そこで、とても格好良くいえば、無財の七施を目指している。七施とは財力や智慧が無くても、七つの施しが出来るという雑法藏経《ぞうほうぞうきょう》の教えである。年寄りにこそ相応しく好ましい生き方なのであろうし、一つでも務めたいものである。
1.眼施:慈しみの眼差しで人に接する。
2.和顔施:和やかな顔で人に接する。
3.言辞施:優しい思いやりの言葉で人に接する。
4.身施:自らの身体で人に奉仕する。
5.心施:人の喜びを我が喜びとし、人の悲しみを我が悲しみとする。
6.床座施:席を譲ること、自らの地位を譲ること。
7.房舎施:雨や風をしのぐ所を与えること。
総てを行うことは無理でも、眼施、我顔施、愛語施なら務めることもできよう。

(注)畑で栽培している野菜類
畑では、定番のジャガ芋、サツマ芋、里芋、大根、人参、白菜、南瓜、トマト、胡瓜、茄子、法蓮草、葱、玉葱などの他に、菜花、キヌサヤ、伊勢芋、ズッキーニ、十六ササゲ、アスパラ、パセリ、赤カブなどを育てている。果樹をいえば、柿、無花果、蜜柑、酢橘、カボス、ブルーベリー、ブラックベリー、キウイ、枇杷などを植栽している。渋柿も栽培しているので晩秋には干柿づくりが毎年恒例である。

(注)畑や庭に植栽する花木類
このサイトでは鄙桜を毎春取り上げているが、花樹ではサクラが筆頭である。山桜《鄙桜》、大島桜、河津桜、御衣黄桜、枝垂れ桜、もちろん染井吉野もある。花も実もある梅の他にも、藪椿、山茶花、花海棠、蠟梅、平戸、皐月、三ッ葉躑躅、山法師、花水木、夾竹桃、木槿などがある。時季が訪れば香りを漂わせる金木犀やクチナシも忘れてはならないし、黄紅葉を愛でる楓や銀杏は秋の深まりを報せてくれる。常緑樹の楠、槙、珊瑚樹に松、五葉松、杉、木斛などや赤い芽を吹く南京黄櫨も書き加えておこう。薔薇、水仙に万年青や著莪、石蕗、藪蘭もほとんど自生だが季節が巡れば花をつけてくれる。 いずれの草花も樹々も多品種少量栽培であるが、晩夏と初冬にはこれらの樹々の刈込みもひと仕事である。

《09.01 追記》
錦織圭が全米オープンで初戦敗退したと云う。ランキング41位のペア(フランス)に4-6、6-3、6-4、6-7、4-6のフルセットで敗れたと云う。世界には逸材が溢れており、番狂わせには違いなかろうがランク4位とランク41位の差も数字ほどではないということか。世界は広いと片付ける訳ではないけれど。

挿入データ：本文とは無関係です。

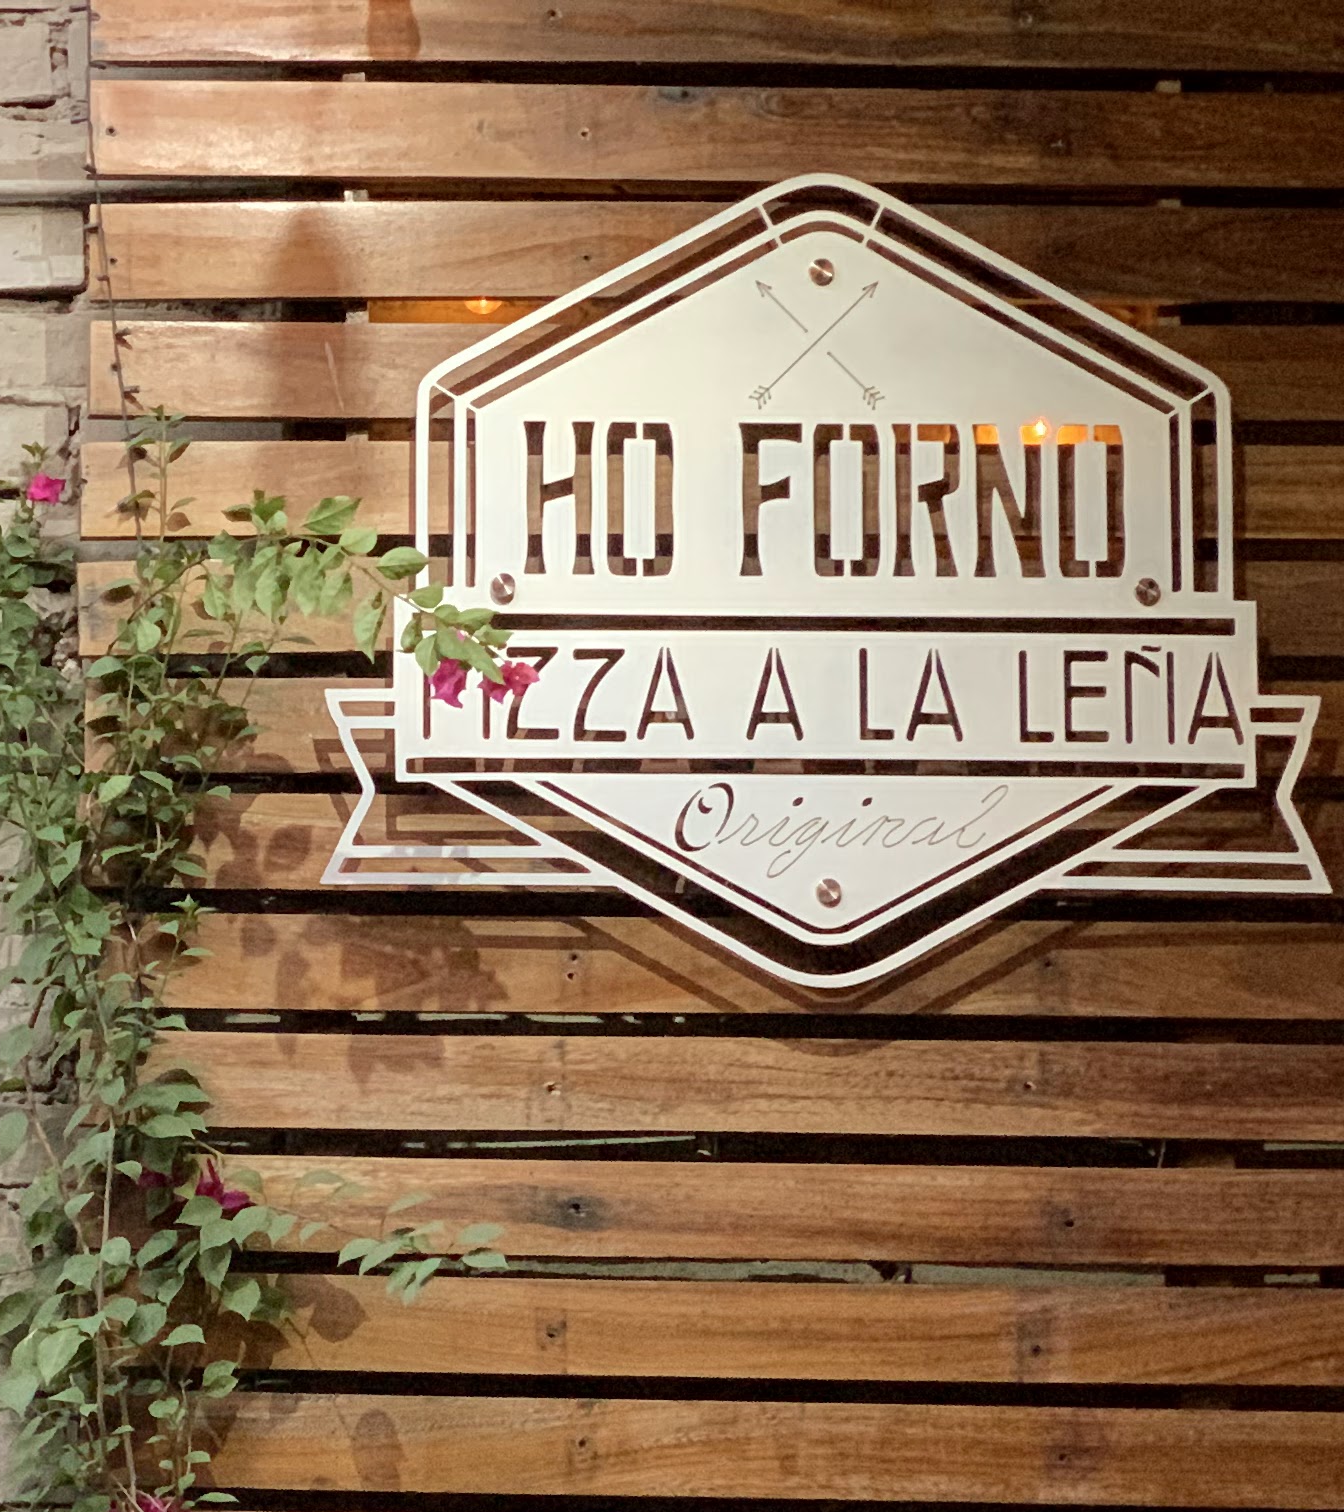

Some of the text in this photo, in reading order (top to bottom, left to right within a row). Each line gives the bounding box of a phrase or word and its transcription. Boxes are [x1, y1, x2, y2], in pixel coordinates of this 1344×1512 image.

年毎に逼迫を増している日本財政は高齢者社会保障費の切り詰めを余儀なくされているのにも関わらず、来年度予算の概算要求は百兆円を超え国債発行額は史上最高額を更新している。赤字縮小財政均衡が優先か、景気回復が優先か悩ましいところではある。国債の日銀引き受けだって無期限に続けられると云うわけでもない。増えてゆく高齢者数に伴う高齢者社会保障費の自然増も避けられないけれど、高齢者医療費の質的転換やシビルミニマムの抜本的転換も検討されなければならないだろう。子供の貧困などという言葉を聞かされるのは胸が痛む。ここでも量的拡大政策から質的転換政策へが問われている。

そんななかでも防衛予算や建設土木予算が増え、国立競技場の建設も進むのである。次世代にツケを残すなと云いながら、放漫財政は続いてゆく状況を眺めれば、2030年を待たずに日本は破綻するだろうと云う若年世代の指摘を無下には否定できない。

昨日08.31 SEALDsが呼びかける国会前デモは主催者発表で延べ12万人、警察発表では3万人という。この数字の大きな落差は何をモノ語るのであろうか。